**Record extracts:**
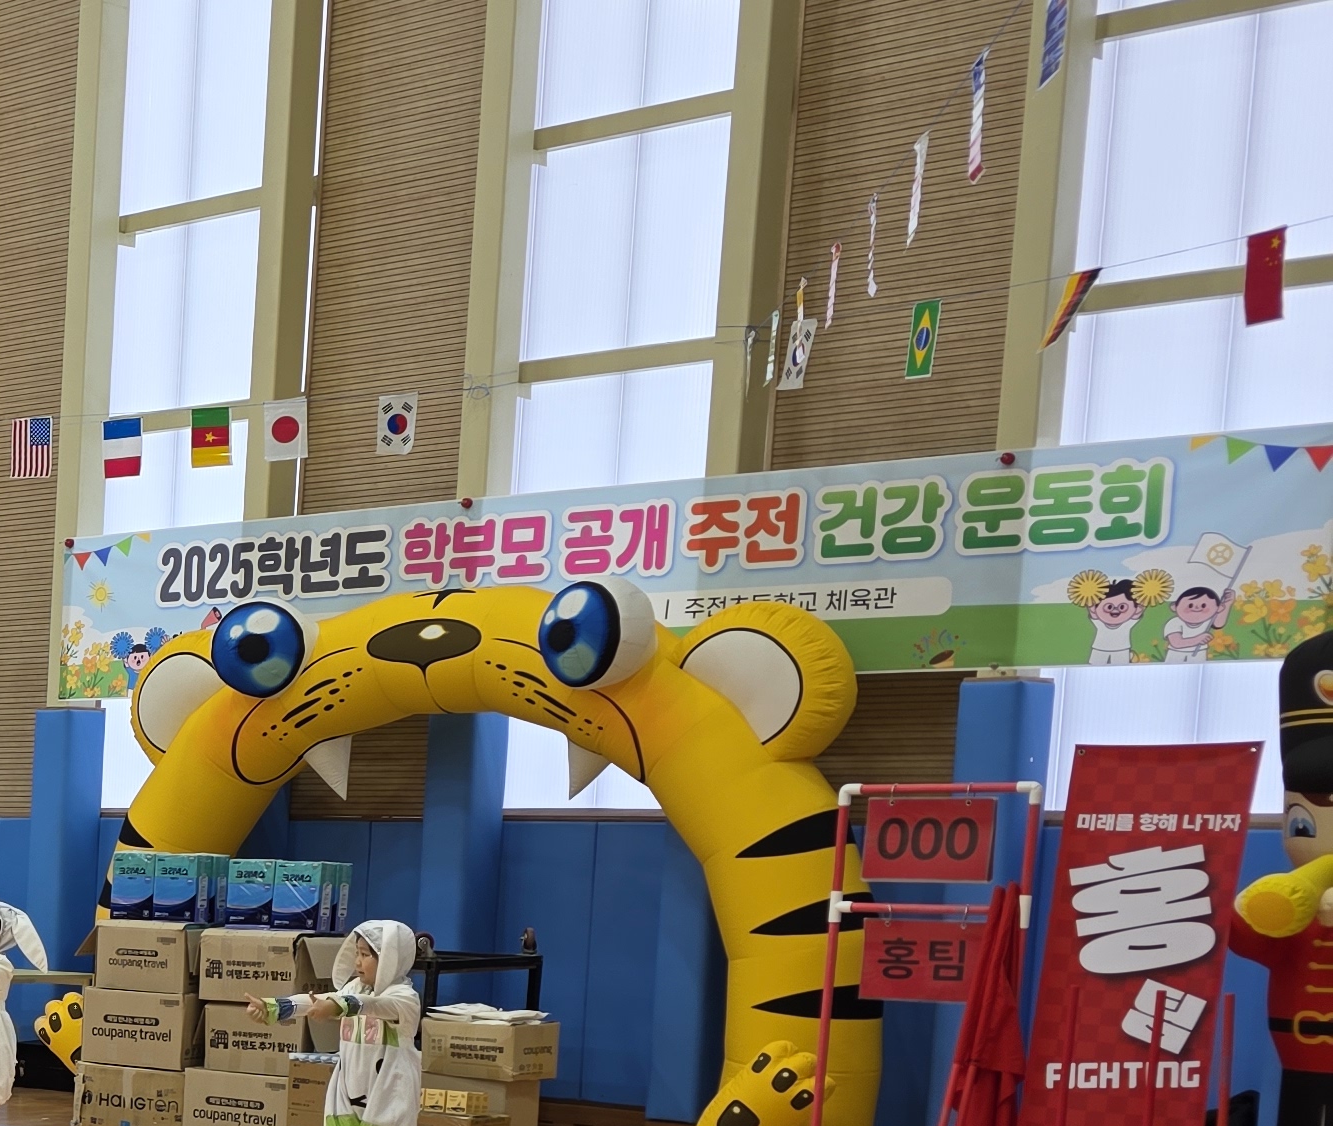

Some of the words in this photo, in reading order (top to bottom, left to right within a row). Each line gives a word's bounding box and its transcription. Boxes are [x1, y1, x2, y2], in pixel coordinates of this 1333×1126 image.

[159, 528, 387, 601] 2025학년도
[403, 516, 546, 585] 학부모
[564, 504, 667, 576] 공개
[688, 493, 801, 568] 주전
[819, 481, 945, 559] 건강
[962, 463, 1167, 549] 운동회
[826, 587, 897, 611] 체육관
[1076, 813, 1134, 832] 미래를
[1139, 813, 1176, 832] 향해
[1182, 813, 1241, 832] 나가자
[877, 816, 980, 861] 000
[108, 957, 143, 970] coupang
[143, 958, 168, 970] travel
[252, 970, 269, 981] 추가
[271, 971, 291, 981] 할인!
[92, 1026, 137, 1043] coupang
[139, 1028, 172, 1042] travel
[258, 1041, 276, 1051] 추가
[1045, 1060, 1201, 1089] FIGHTNG
[193, 1108, 242, 1126] coupang
[243, 1111, 277, 1126] travel
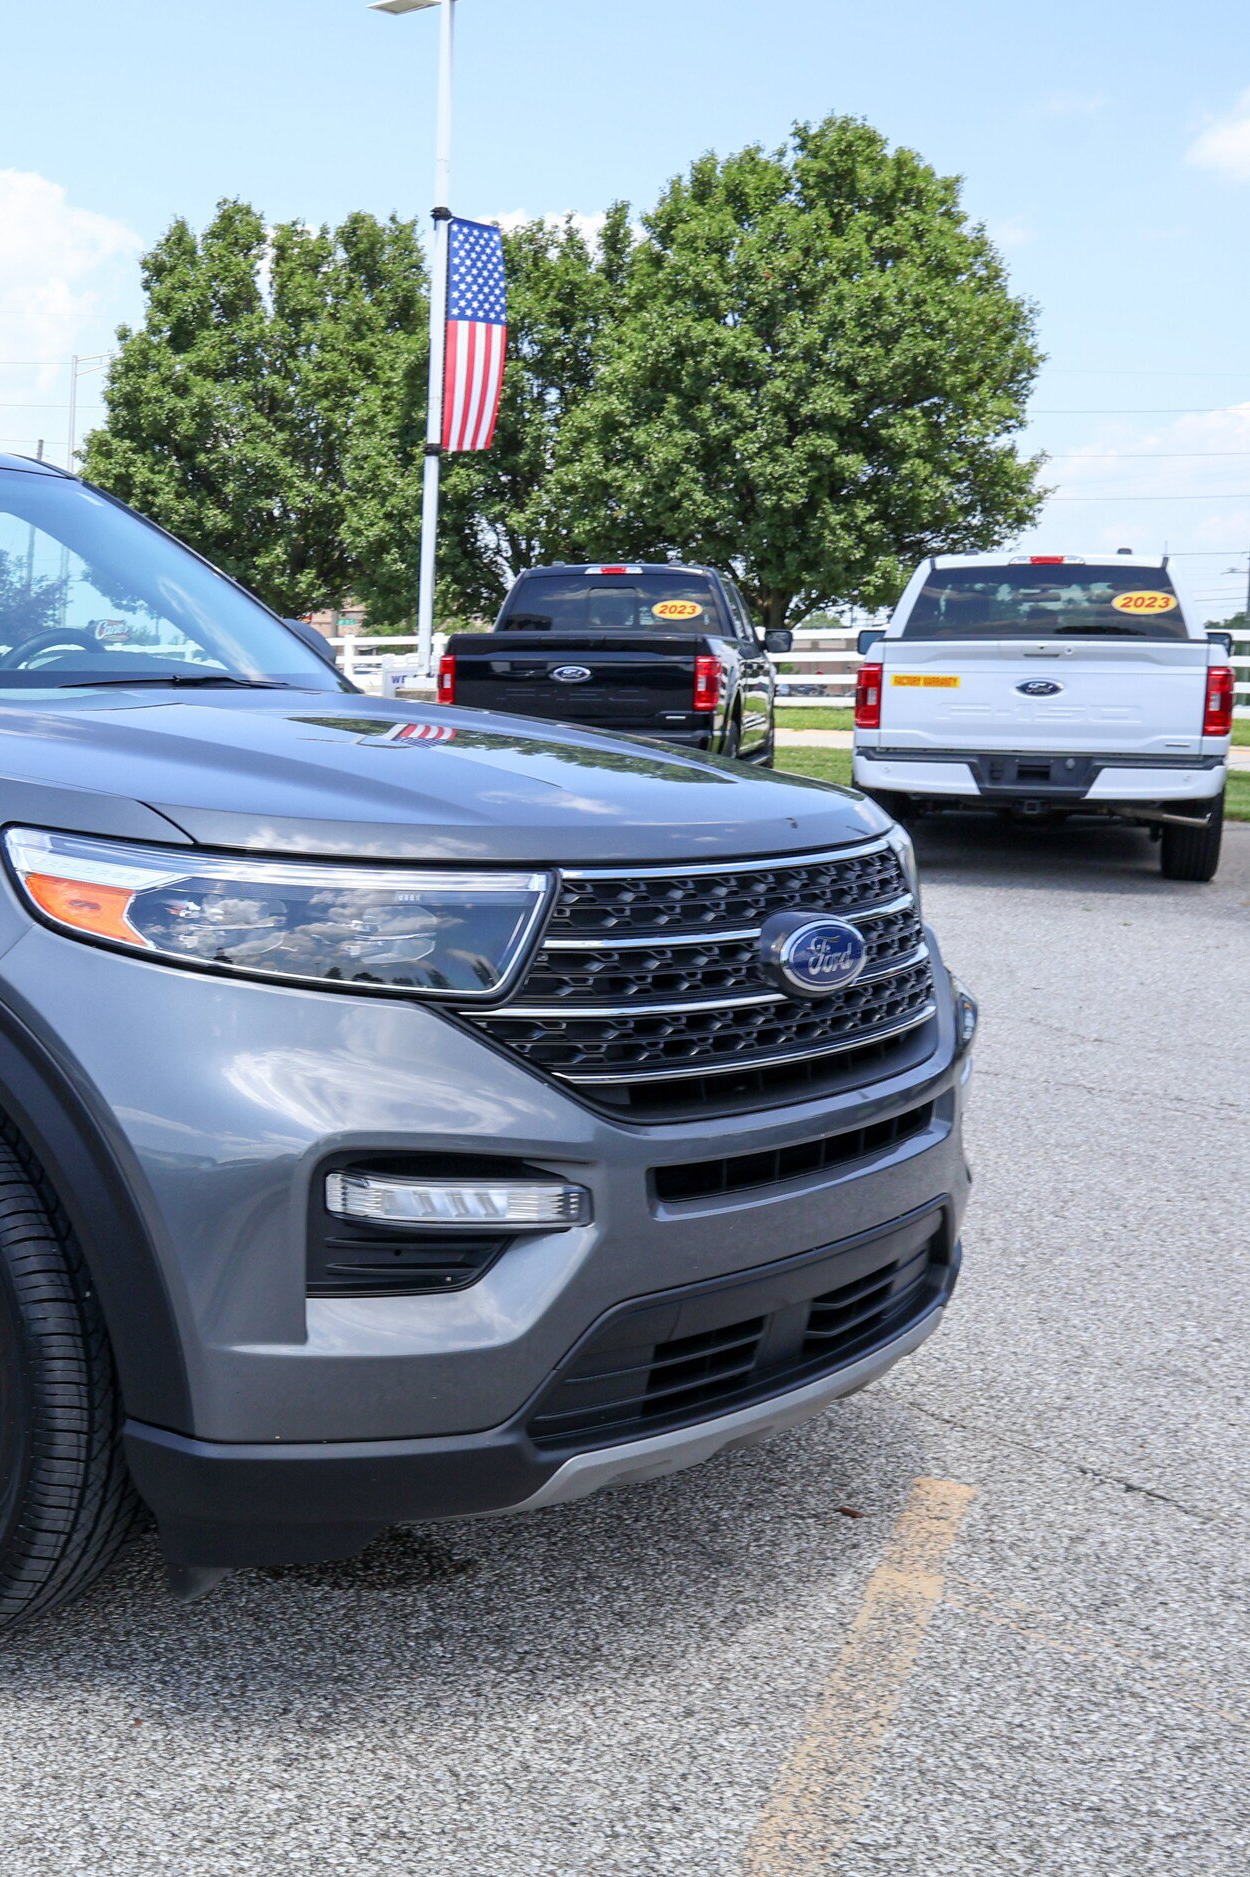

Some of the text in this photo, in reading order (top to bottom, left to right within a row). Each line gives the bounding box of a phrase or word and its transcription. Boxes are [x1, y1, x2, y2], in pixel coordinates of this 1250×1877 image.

[1120, 596, 1171, 609] 2023
[658, 604, 696, 615] 2023
[808, 935, 854, 976] Ford
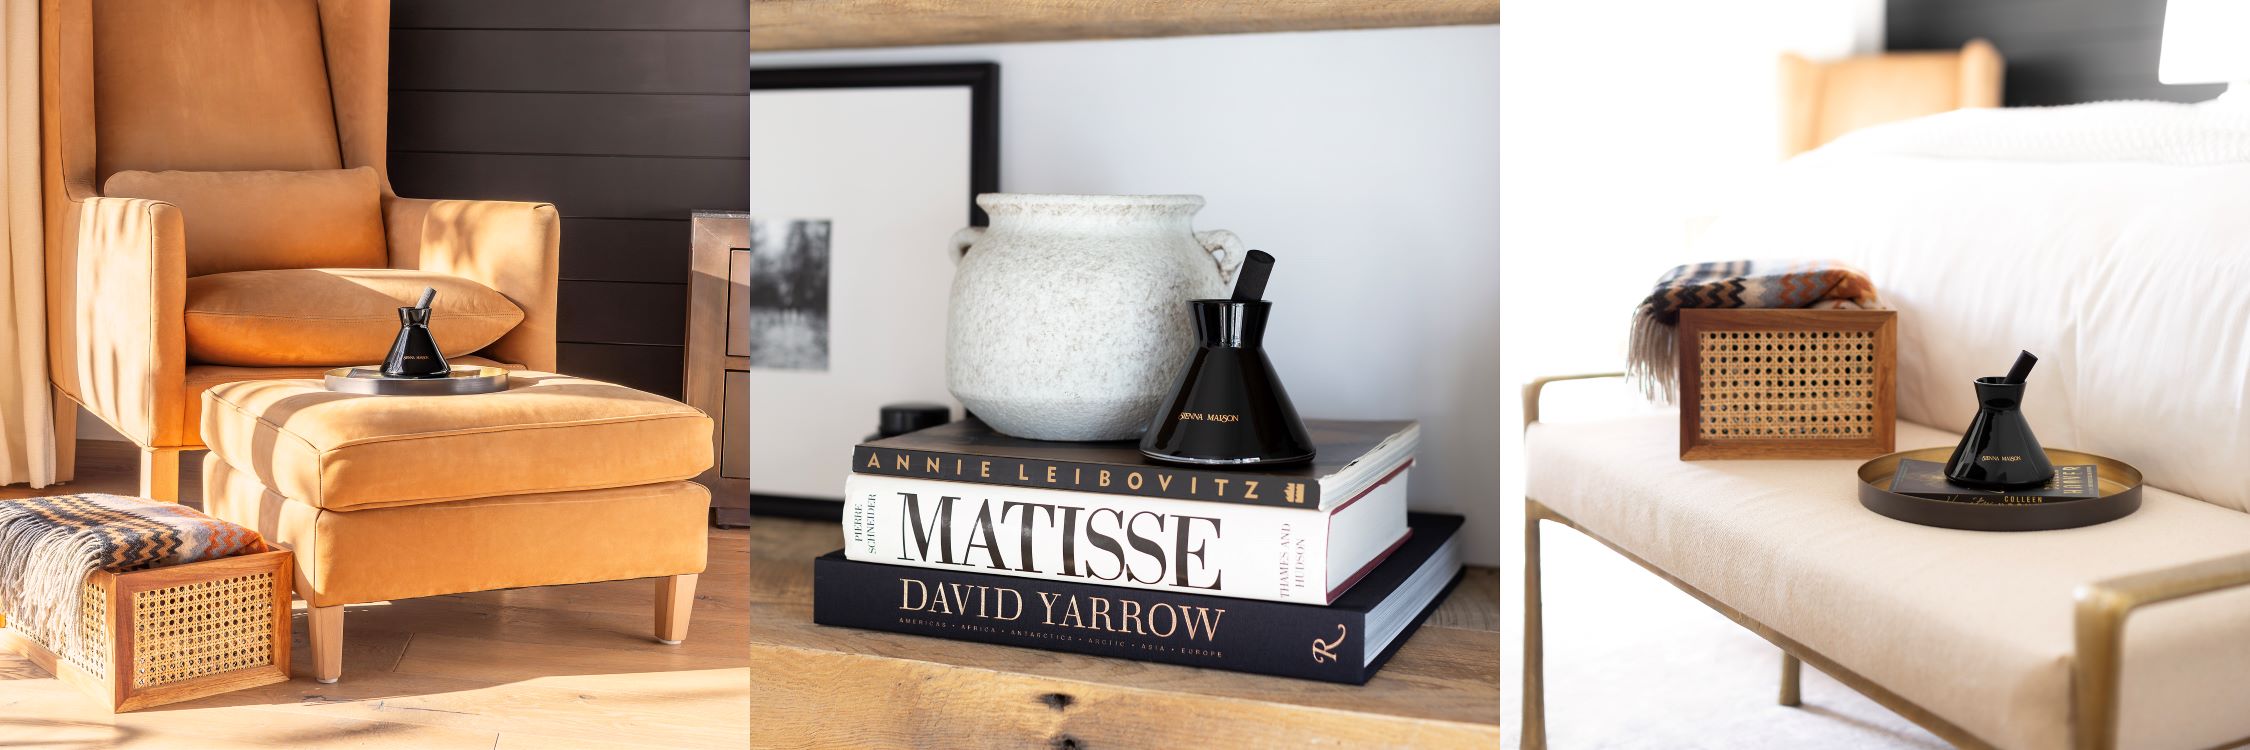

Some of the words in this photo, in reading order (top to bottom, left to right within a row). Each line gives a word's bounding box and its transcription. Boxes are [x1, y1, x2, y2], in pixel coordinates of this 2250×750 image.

[1206, 413, 1239, 423] MAISON
[867, 452, 991, 479] ANNIE
[1019, 463, 1259, 500] LEIBOVITZ
[2004, 495, 2043, 503] COLLEEN
[854, 503, 863, 542] PIERRE
[866, 493, 877, 555] SCHNEIDER
[897, 492, 1222, 591] MATISSE
[1280, 522, 1291, 548] AND
[1279, 552, 1291, 598] THAMES
[1295, 538, 1305, 588] HUDSON
[899, 578, 1023, 621] DAVID
[1036, 591, 1226, 642] YARROW
[899, 617, 947, 628] AMERICAS
[961, 624, 996, 634] AFRICA
[1010, 629, 1073, 642] ANTARCTICA
[1088, 638, 1126, 648] ARCTIC
[1141, 643, 1166, 652] ASIA
[1181, 647, 1223, 658] EUROPE

**Brief:** Would you please set down the data above again exactly, without its pictures?

**Solution to this task:**
Some of the words in this photo, in reading order (top to bottom, left to right within a row). Each line gives a word's bounding box and its transcription. Boxes are [x1, y1, x2, y2], in pixel coordinates of this 1333×1126 image.

[159, 528, 387, 601] 2025학년도
[403, 516, 546, 585] 학부모
[564, 504, 667, 576] 공개
[688, 493, 801, 568] 주전
[819, 481, 945, 559] 건강
[962, 463, 1167, 549] 운동회
[826, 587, 897, 611] 체육관
[1076, 813, 1134, 832] 미래를
[1139, 813, 1176, 832] 향해
[1182, 813, 1241, 832] 나가자
[877, 816, 980, 861] 000
[108, 957, 143, 970] coupang
[143, 958, 168, 970] travel
[252, 970, 269, 981] 추가
[271, 971, 291, 981] 할인!
[92, 1026, 137, 1043] coupang
[139, 1028, 172, 1042] travel
[258, 1041, 276, 1051] 추가
[1045, 1060, 1201, 1089] FIGHTNG
[193, 1108, 242, 1126] coupang
[243, 1111, 277, 1126] travel

Some of the text in this photo, in reading order (top to bottom, left to right within a row). Each line gives the bounding box of a phrase or word and its transcription. Boxes are [x1, y1, x2, y2], in pixel coordinates of this 1250×1877 image.

[1120, 596, 1171, 609] 2023
[658, 604, 696, 615] 2023
[808, 935, 854, 976] Ford

Some of the words in this photo, in reading order (top to bottom, left to right within a row). Each line gives a word's bounding box and its transcription. Boxes are [x1, y1, x2, y2], in pixel coordinates of this 2250×750 image.

[1206, 413, 1239, 423] MAISON
[867, 452, 991, 479] ANNIE
[1019, 463, 1259, 500] LEIBOVITZ
[2004, 495, 2043, 503] COLLEEN
[854, 503, 863, 542] PIERRE
[866, 493, 877, 555] SCHNEIDER
[897, 492, 1222, 591] MATISSE
[1280, 522, 1291, 548] AND
[1279, 552, 1291, 598] THAMES
[1295, 538, 1305, 588] HUDSON
[899, 578, 1023, 621] DAVID
[1036, 591, 1226, 642] YARROW
[899, 617, 947, 628] AMERICAS
[961, 624, 996, 634] AFRICA
[1010, 629, 1073, 642] ANTARCTICA
[1088, 638, 1126, 648] ARCTIC
[1141, 643, 1166, 652] ASIA
[1181, 647, 1223, 658] EUROPE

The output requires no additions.